---------- Dataset records ----------
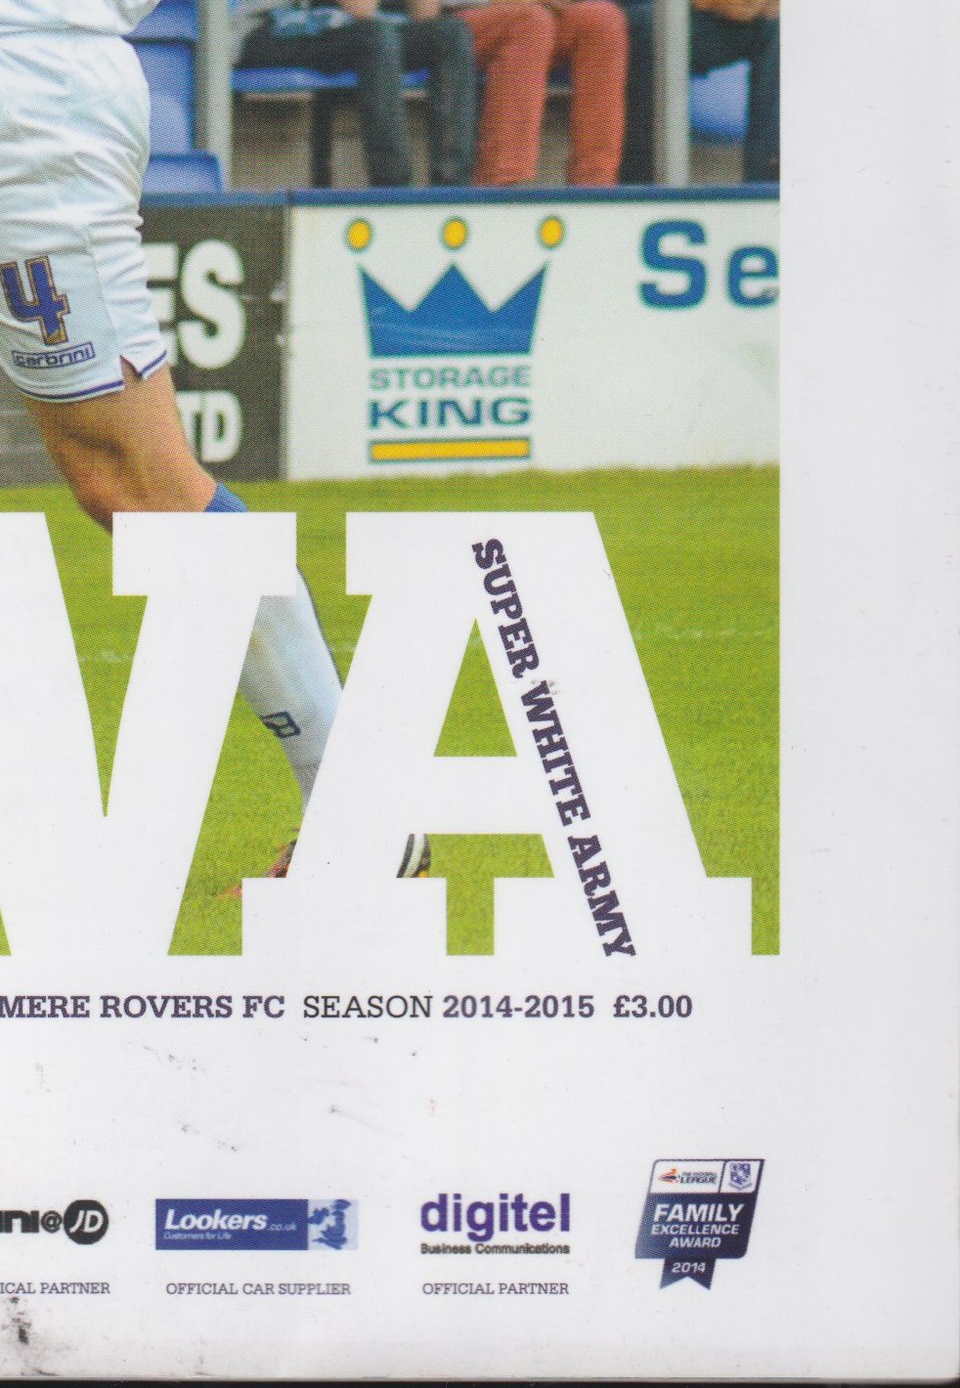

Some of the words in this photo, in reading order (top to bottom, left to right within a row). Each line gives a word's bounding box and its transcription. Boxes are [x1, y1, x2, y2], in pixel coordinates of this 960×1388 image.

[640, 218, 778, 309] Se
[369, 365, 531, 389] STORAGE
[368, 396, 531, 430] KING
[472, 538, 540, 679] SUPER
[521, 679, 591, 826] WHITE
[568, 835, 636, 957] ARMY
[100, 994, 233, 1018] ROVERS
[242, 994, 285, 1018] FC
[303, 994, 433, 1018] SEASON
[443, 994, 595, 1019] 2014-2015
[613, 994, 693, 1019] £3.00
[421, 1193, 570, 1242] digitel
[653, 1203, 744, 1222] FAMILY
[651, 1224, 740, 1235] EXCELLENCE
[421, 1243, 472, 1255] Business
[475, 1243, 570, 1255] Communications
[669, 1237, 721, 1248] AWARD
[671, 1262, 706, 1273] 2014
[40, 1282, 111, 1295] PARTNER
[166, 1283, 239, 1295] OFFICIAL
[242, 1283, 275, 1295] CAR
[278, 1283, 352, 1295] SUPPLIER
[422, 1283, 495, 1295] OFFICIAL
[498, 1283, 569, 1295] PARTNER
----------
→ **Work instructions**: In the answer, all of the material should appear exactly as given, with no picture carried over.

→ **Written solution**:
Some of the words in this photo, in reading order (top to bottom, left to right within a row). Each line gives a word's bounding box and its transcription. Boxes are [x1, y1, x2, y2], in pixel coordinates of this 960×1388 image.

[640, 218, 778, 309] Se
[369, 365, 531, 389] STORAGE
[368, 396, 531, 430] KING
[472, 538, 540, 679] SUPER
[521, 679, 591, 826] WHITE
[568, 835, 636, 957] ARMY
[100, 994, 233, 1018] ROVERS
[242, 994, 285, 1018] FC
[303, 994, 433, 1018] SEASON
[443, 994, 595, 1019] 2014-2015
[613, 994, 693, 1019] £3.00
[421, 1193, 570, 1242] digitel
[653, 1203, 744, 1222] FAMILY
[651, 1224, 740, 1235] EXCELLENCE
[421, 1243, 472, 1255] Business
[475, 1243, 570, 1255] Communications
[669, 1237, 721, 1248] AWARD
[671, 1262, 706, 1273] 2014
[40, 1282, 111, 1295] PARTNER
[166, 1283, 239, 1295] OFFICIAL
[242, 1283, 275, 1295] CAR
[278, 1283, 352, 1295] SUPPLIER
[422, 1283, 495, 1295] OFFICIAL
[498, 1283, 569, 1295] PARTNER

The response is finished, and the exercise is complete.